ISAs are a type of savings account which the government have launched in order to encourage people to save regularly. A cash ISA - which operates much like a standard savings account with an interest rate set by the bank - enables you to store away £3,600 a year into an account where you can earn interest without paying any tax.
Obviously this leads to better net interest rates than standard accounts as you are not paying your interest back to the government, and you should certainly ensure that if you have money to save the first £3,600 a year is put into your cash ISA. By not making use of your ISA allowance you are simply throwing money away.
However, the government also allow you an additional £3,600 allowance which can be put into a stocks and shares ISA (or, should you wish, you may put the whole £7,200 allowance into a stocks and shares ISA - but you can only put £3,600 a year into a cash ISA).

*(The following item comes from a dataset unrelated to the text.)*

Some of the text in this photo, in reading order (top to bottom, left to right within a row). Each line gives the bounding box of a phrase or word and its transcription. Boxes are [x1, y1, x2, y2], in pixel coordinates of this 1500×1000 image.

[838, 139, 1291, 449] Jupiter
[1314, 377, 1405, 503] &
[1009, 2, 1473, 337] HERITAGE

Here the distinction is not as clear cut, as the return on your investment will always be subject to the market, and should the stocks and shares in your ISA fall you may end up with less in your account than you started with. It is important to understand you are making an investment, not just a deposit in a savings account.

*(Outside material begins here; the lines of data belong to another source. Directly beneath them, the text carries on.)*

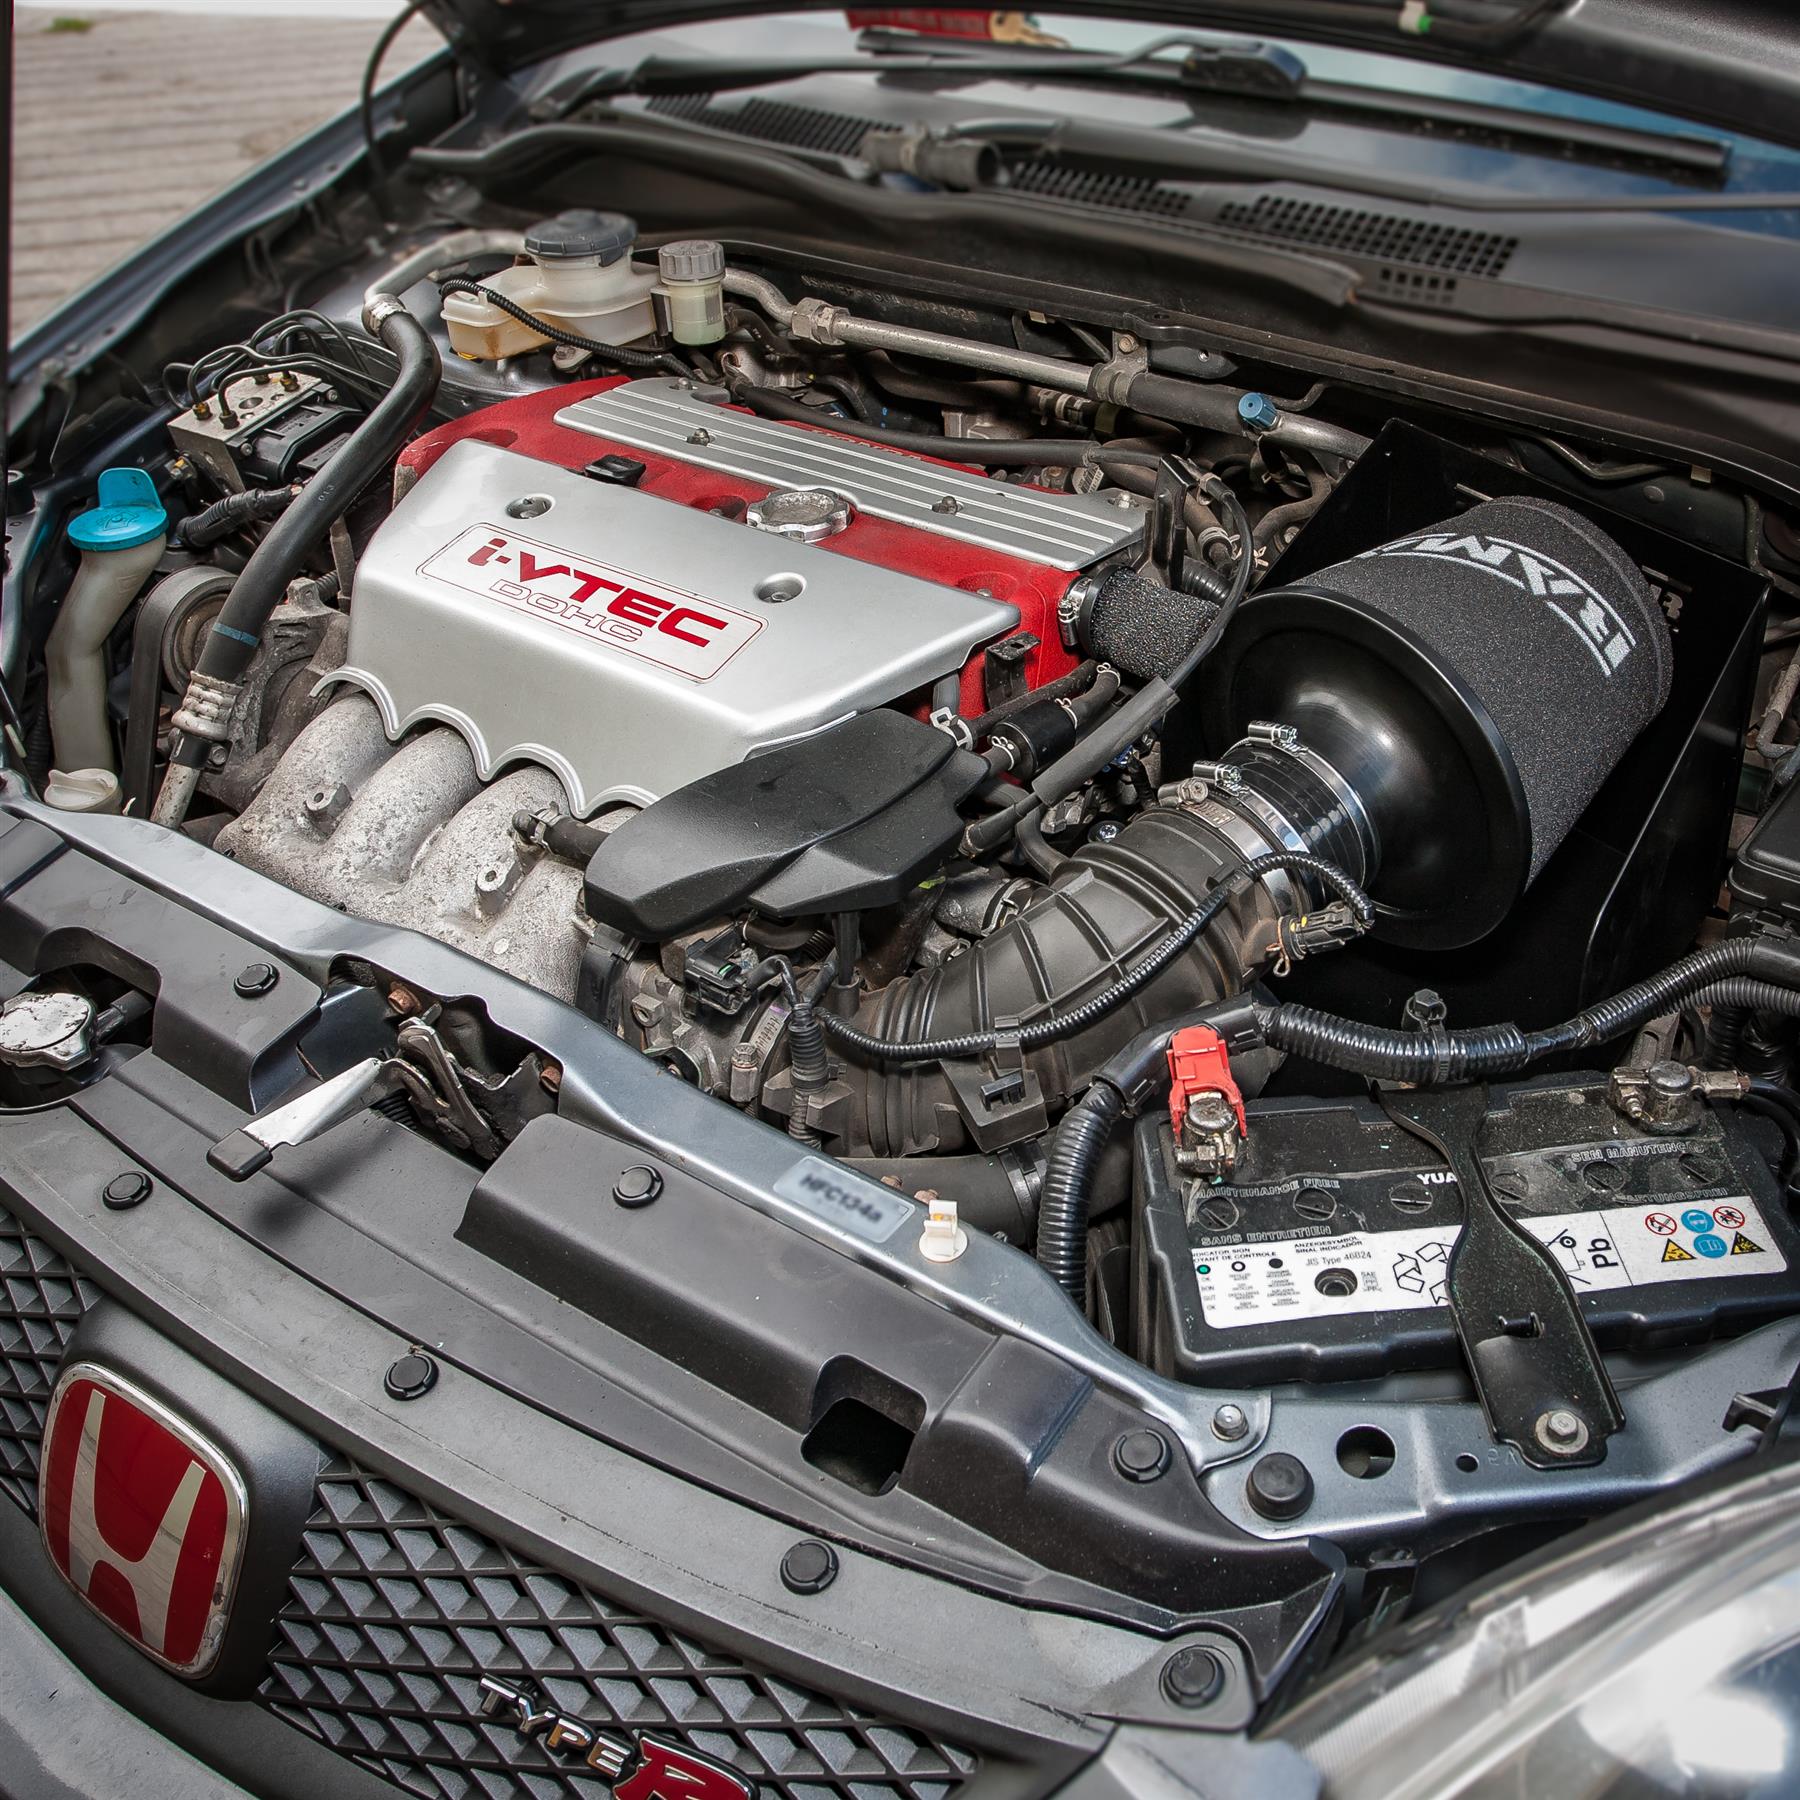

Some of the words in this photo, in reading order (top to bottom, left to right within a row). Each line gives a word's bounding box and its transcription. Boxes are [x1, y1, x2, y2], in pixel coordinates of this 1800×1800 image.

[467, 537, 729, 648] i-VTEC
[489, 578, 643, 642] DOHC
[1571, 1150, 1604, 1162] SEM
[1303, 1177, 1341, 1190] FREE
[1201, 1233, 1243, 1246] SANS
[1246, 1225, 1332, 1243] ENTRETIEN
[1588, 1238, 1618, 1269] Pb
[478, 1674, 636, 1778] TYPE

Since the financial markets have been extremely unpredictable in the last few months we would strongly advise seeking professional financial advice before making any investments. Most banks offer a range of stocks and shares ISAs targetting different areas of industry and you may feel there is an opportunity to benefit from one area even as other areas are falling in value - however we are not in a position to give any advice or predictions as to where best to invest your money.